Please reproduce the records exactly, leaving out any pictures.

── Input material ──

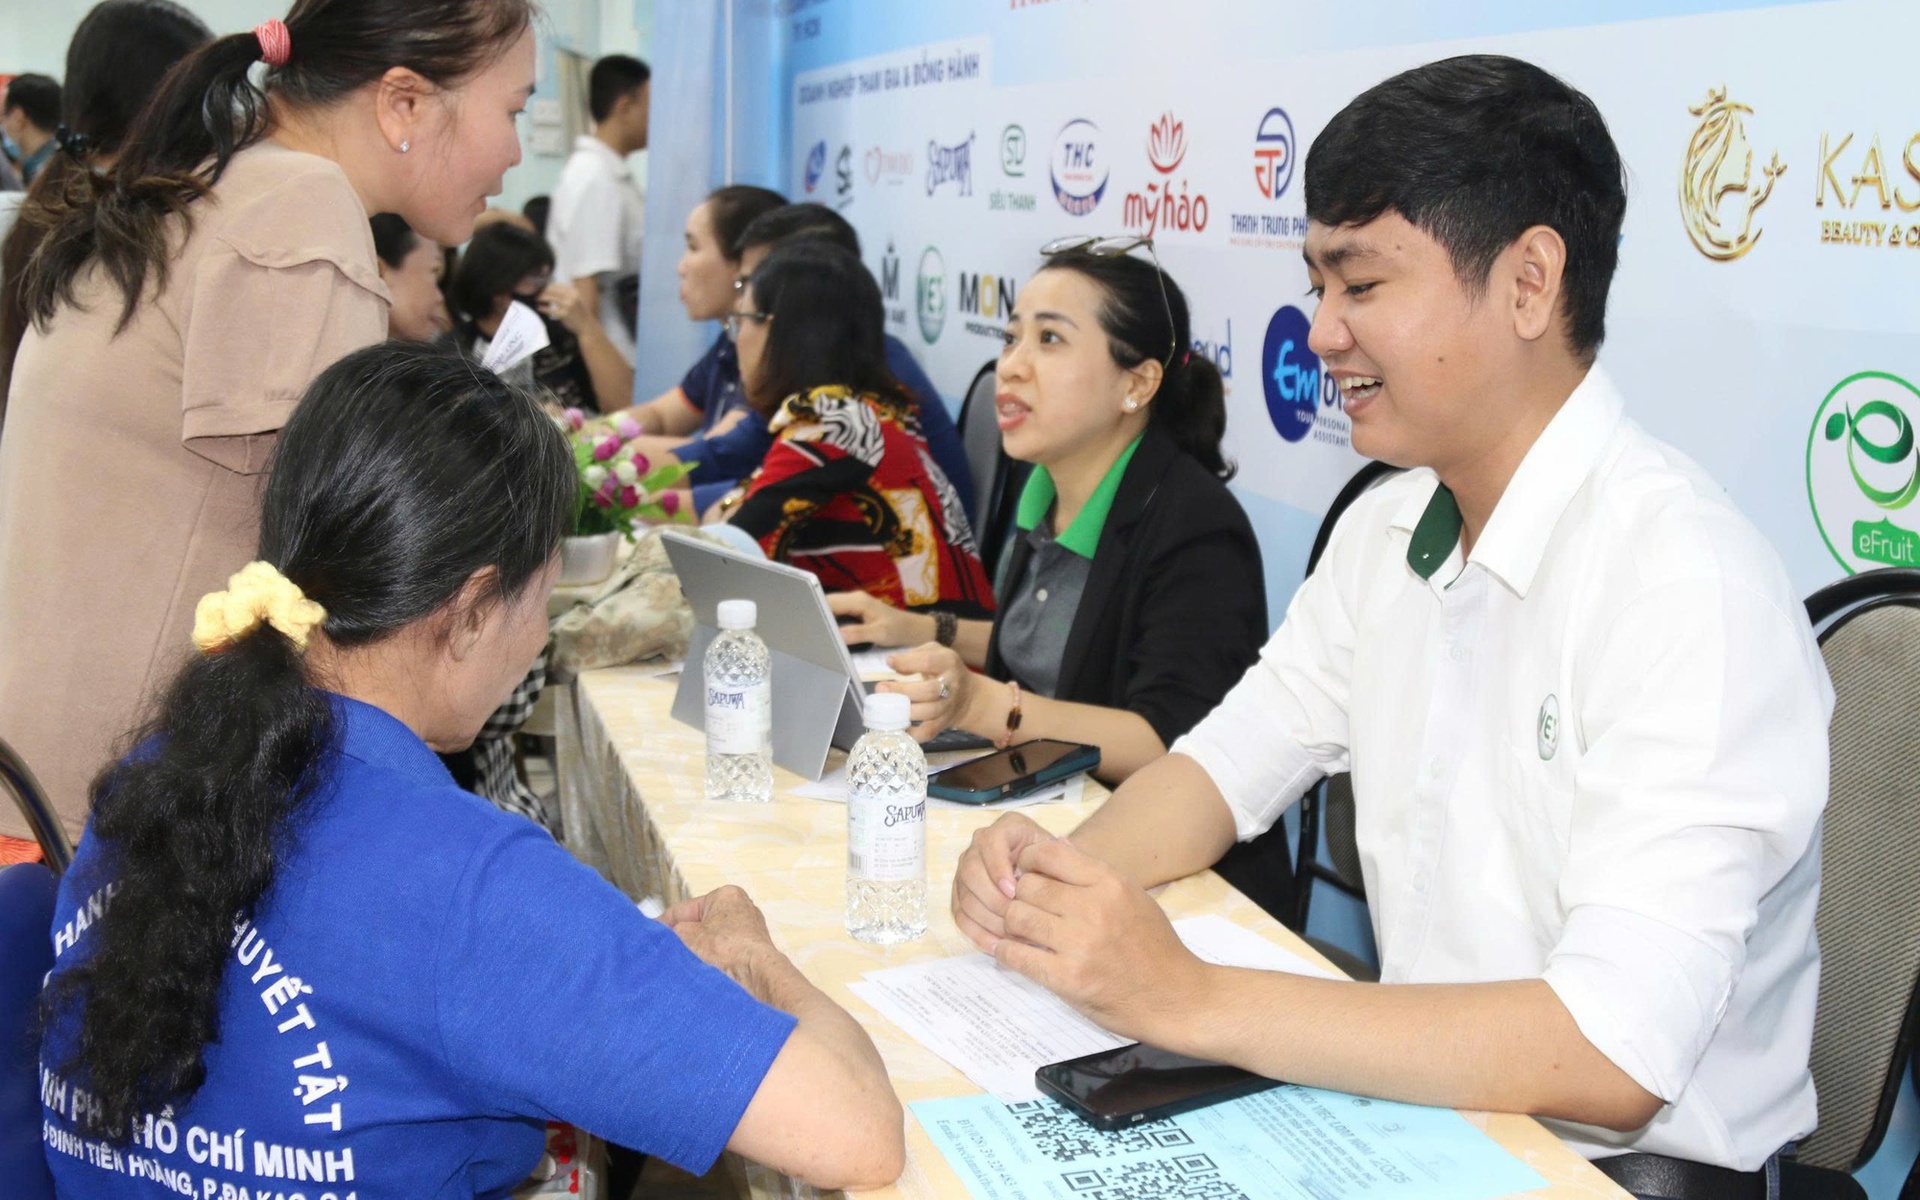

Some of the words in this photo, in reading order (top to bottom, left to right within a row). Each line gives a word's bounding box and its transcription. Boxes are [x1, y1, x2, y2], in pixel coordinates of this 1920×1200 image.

[1064, 142, 1095, 168] THC
[1231, 214, 1259, 235] THANH
[1261, 215, 1290, 237] TRUNG
[1821, 220, 1887, 245] BEAUTY
[1888, 224, 1903, 247] &
[959, 271, 1014, 321] MON
[1316, 414, 1350, 433] PERSONAL
[1313, 430, 1350, 449] ASSISTANT
[1859, 530, 1914, 564] eFruit
[231, 909, 317, 1034] HUYẾT
[293, 1041, 349, 1131] TẬT
[186, 1126, 245, 1173] CHÍ
[254, 1141, 354, 1183] MINH

───

> **Completed task**
Some of the words in this photo, in reading order (top to bottom, left to right within a row). Each line gives a word's bounding box and its transcription. Boxes are [x1, y1, x2, y2], in pixel coordinates of this 1920×1200 image.

[1064, 142, 1095, 168] THC
[1231, 214, 1259, 235] THANH
[1261, 215, 1290, 237] TRUNG
[1821, 220, 1887, 245] BEAUTY
[1888, 224, 1903, 247] &
[959, 271, 1014, 321] MON
[1316, 414, 1350, 433] PERSONAL
[1313, 430, 1350, 449] ASSISTANT
[1859, 530, 1914, 564] eFruit
[231, 909, 317, 1034] HUYẾT
[293, 1041, 349, 1131] TẬT
[186, 1126, 245, 1173] CHÍ
[254, 1141, 354, 1183] MINH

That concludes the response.